14 June 2015

"Anglicanism united not absorbed"

I remember having an entirely good-natured running dispute with the late Dean of Studies at Allen Hall, the totally admirable and affable and hospitable Dr Stephen Wang (Vescovo subito!).

My view was that we of the Ordinariate are Anglicans in full Communion with the See of S Peter. His was that we are Catholics with Anglican Previous.

My instinct is based on a lifetime of longing for the realisation of the vision set before us by Dom Lambert Beauduin and taken up by Cardinal Mercier in the Malines Conversations, of an Anglicanism united but not absorbed.

There is nothing purely abstract here; this is not about how many angels can dance on the head of a needle: it is a practical matter bearing upon the subject of just how distinctive the Ordinariates should be. And even upon the question that nags at some Ordinariate clergy: Keith's Chrism Mass or the Diocesan one? It seems to me that the whole grammar of what blessed Benedict XVI set up, with its culture of rapid admission to the priestly life of the Catholic Church upon the presentation of ones Letters of Orders from ones Anglican Ordinations, points to the duty of consolidating a strong group identity, even in the case of clergy who may be out on loan, full or partial, to diocesan bishops (the synchronic side of things).

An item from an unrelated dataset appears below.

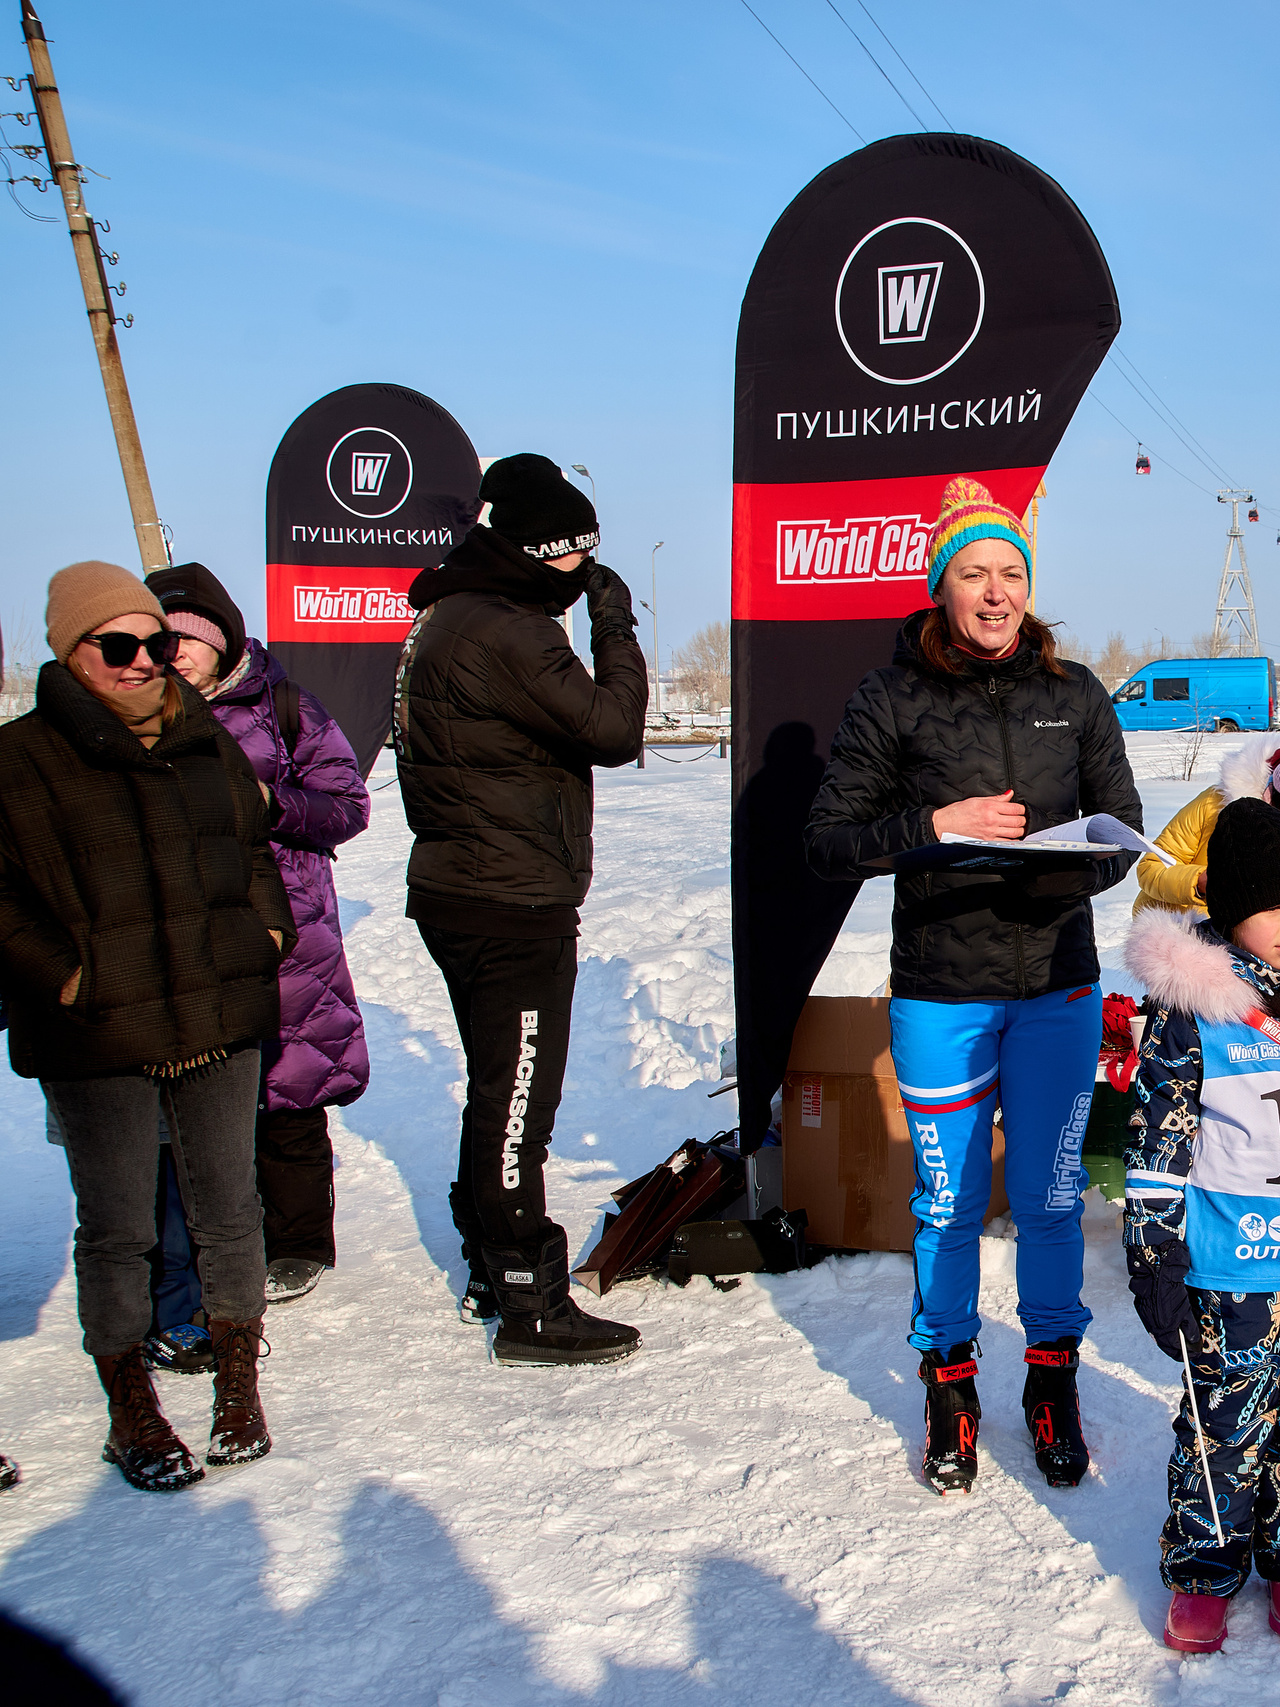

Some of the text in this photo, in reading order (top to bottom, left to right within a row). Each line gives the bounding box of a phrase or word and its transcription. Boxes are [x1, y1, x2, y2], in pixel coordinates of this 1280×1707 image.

Moreover, being in the Ordinariate carries with it the duty of a strong sense of identity with, and continuity from, our past (the diachronic). This is why I keep hammering on about our great 'Patrimony' teachers; not only Blessed John Henry Newman but also Pusey and Keble and Neale; Dix and Farrer and Mascall ... Lewis and Sayers ... separated Doctors of Catholic Truth. Not to mention blessed Charles Stuart and William Laud. Oh, and let's not forget Ken and the Non-Jurors. They are who we are ... transplanted!! Transplanted in coetibus! Patrimony is not just Choral Evensong. Patrimony is Pusey .... and ...... and ........

8 comments:

  1. Please don't overlook Bishop Frank Weston of Zanzibar - a patrimonial prelate if there ever was one.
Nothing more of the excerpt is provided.